What goes into the bird shows up in the egg.
If a hen eats a diet high in omega-6 fats (largely from crops like corn and soy) the yolk reflects that. In modern agriculture, most commercial hens are fed rations built primarily around corn and soybean meal two crops naturally higher in omega-6 fats.
Omega-6 fats aren’t evil. They’re essential. The issue is balance. The challenge is that most modern diets already contain far more omega-6 than omega-3 and that imbalance has been associated with increased inflammation. Chronic inflammation has been associated with a long list of modern health concerns.
For us, it's not a marketing angle at this point. It's a health decision.
What We Feed Our Chickens
We feed our hens an organic, GMO/corn/soy free whole grain ration.
Removing corn and soy changes the fatty acid starting point. Choosing organic matters to us because we prefer to avoid the herbicides and insecticides commonly used in conventional grain production. If feed shapes the egg, then how that feed is grown matters too.
We also don’t buy pre-milled feed. We use whole grains and ferment them before feeding.
Fermentation is a traditional process that begins breaking down natural anti-nutrients in grains and improves digestibility for the bird. It takes more planning and more labor. But it fits how we approach food across the farm.
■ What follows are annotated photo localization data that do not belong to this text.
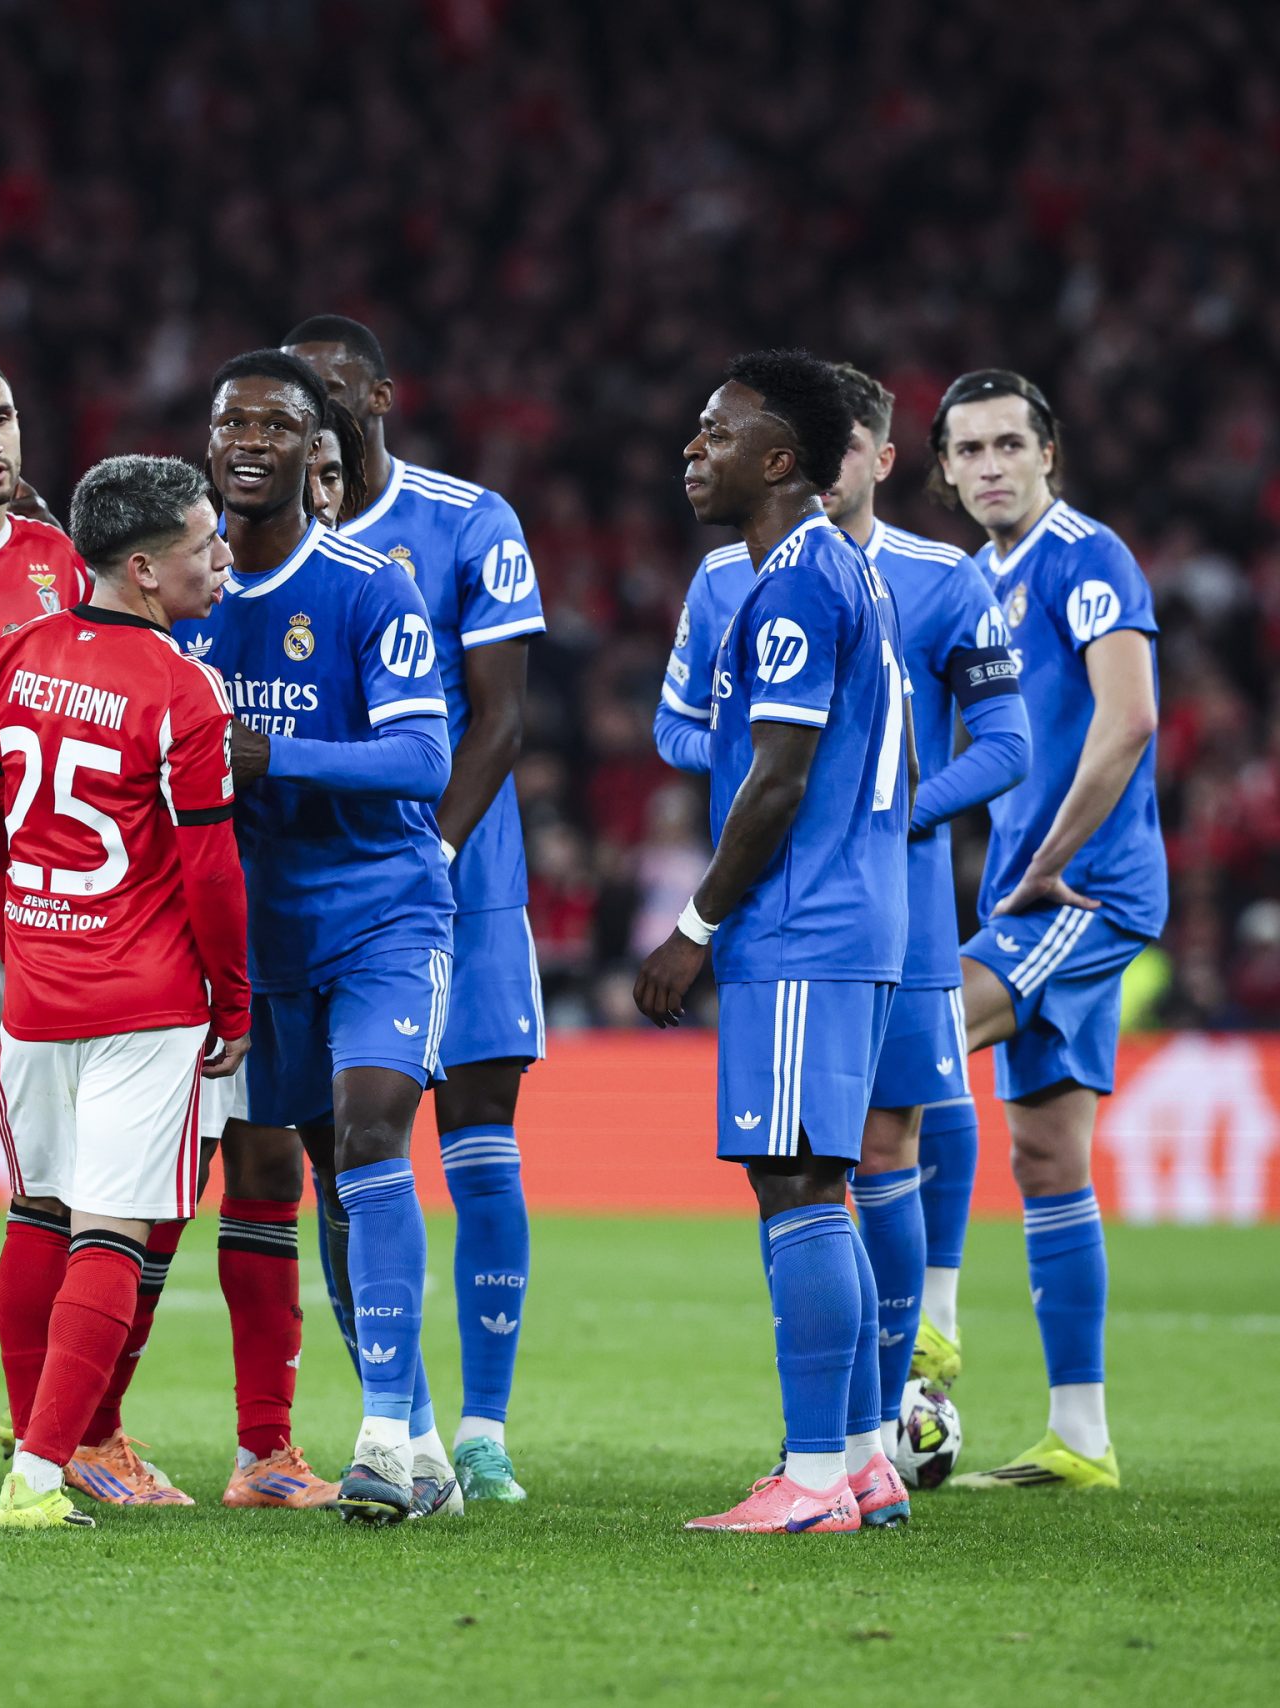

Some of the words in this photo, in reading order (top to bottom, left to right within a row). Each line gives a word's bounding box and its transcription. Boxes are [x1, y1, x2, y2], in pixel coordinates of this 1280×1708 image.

[489, 541, 528, 603] hp
[1077, 581, 1111, 638] hp
[387, 614, 430, 678] hp
[758, 617, 804, 684] hp
[986, 663, 1017, 677] RESP
[8, 669, 128, 731] PRESTIANNI
[224, 672, 319, 711] irates
[4, 900, 108, 932] FOUNDATION
[22, 894, 71, 912] BENFICA
[474, 1273, 526, 1289] RMCF
[878, 1295, 916, 1308] MCF
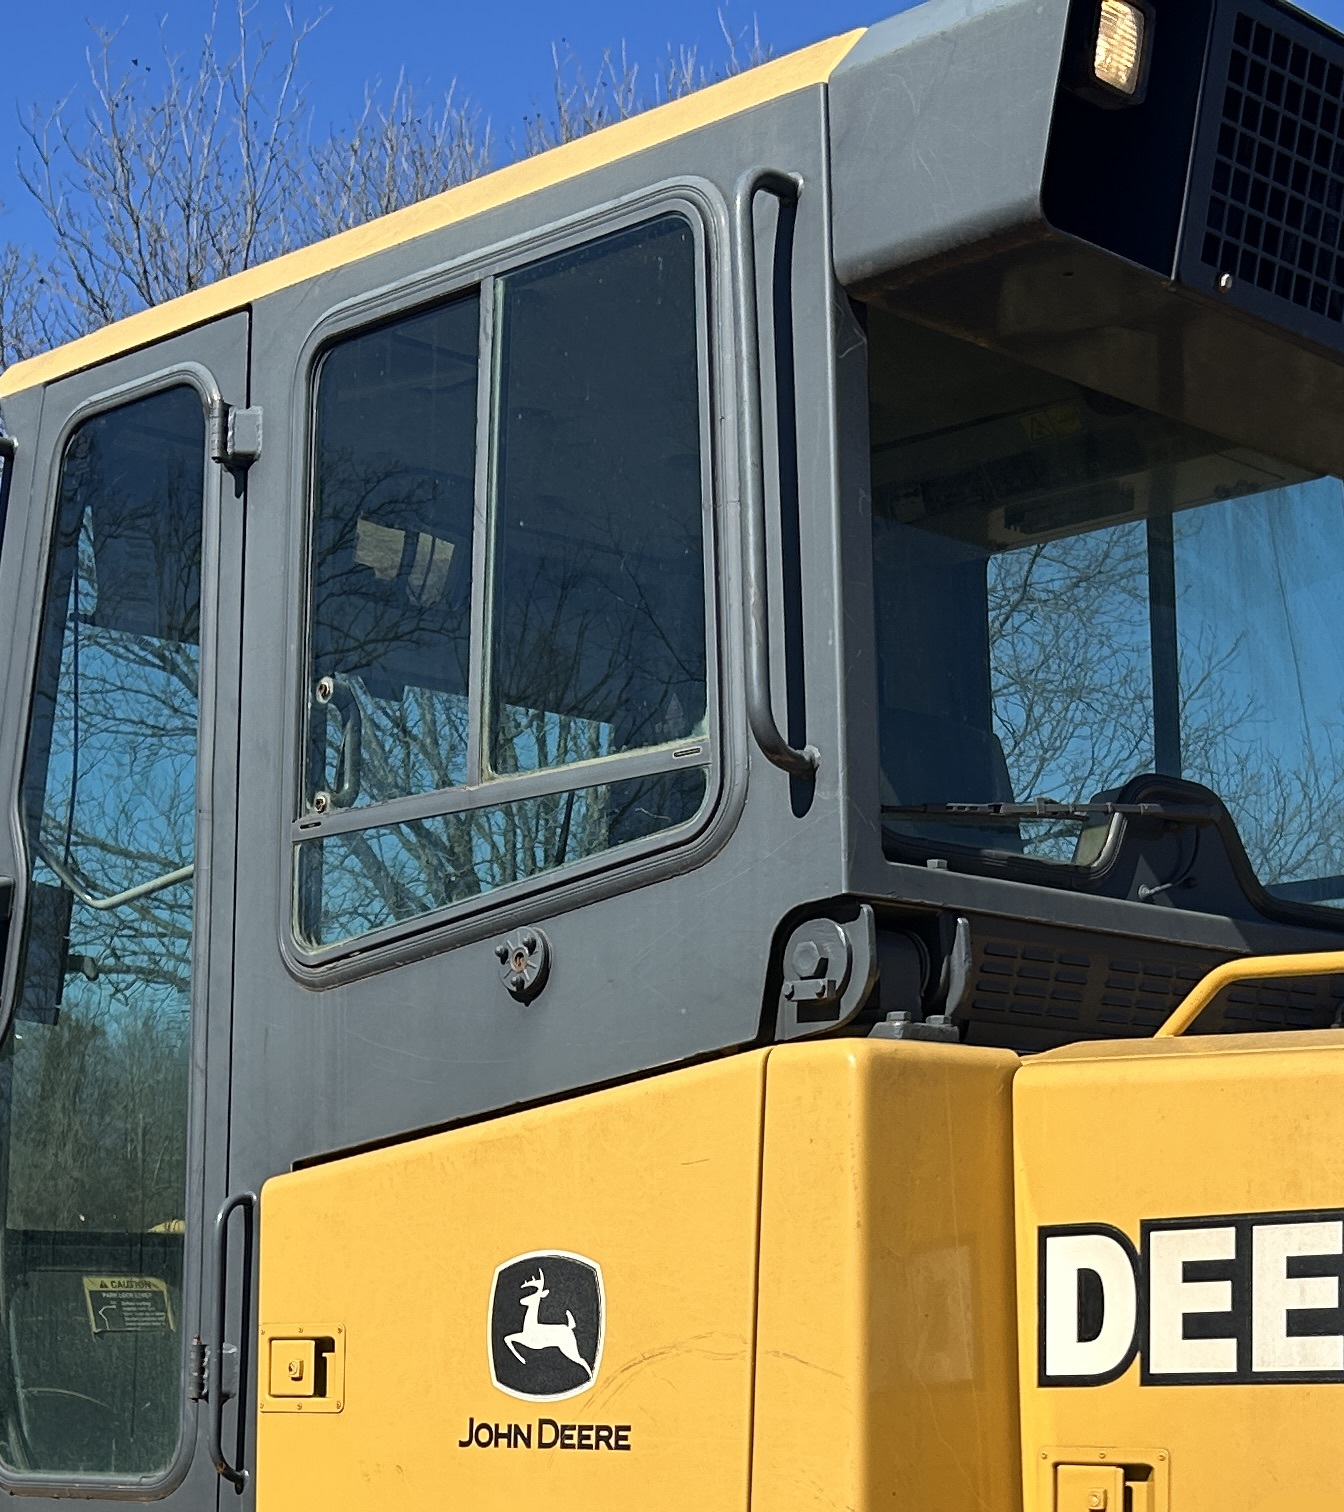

Our hens rotate on grass where they scratch for bugs and forage. That living environment adds nutritional diversity that grain alone cannot provide.
Final Thoughts
Eggs are incredibly nutrient-dense. They contain complete protein, choline, B vitamins, selenium, and fat-soluble vitamins. Eggs are one of the best whole foods available, period. As you can see below, the only vitamin eggs lack in meaningful amounts is Vitamin C.
If you’re trying to feed your family nourishing food, small decisions add up. The balance of fats in your diet matters. Knowing how your food was raised and what it was fed matters.
We don’t feed corn or soy because we believe it leads to a better outcome in our lives. We would love to share that with you.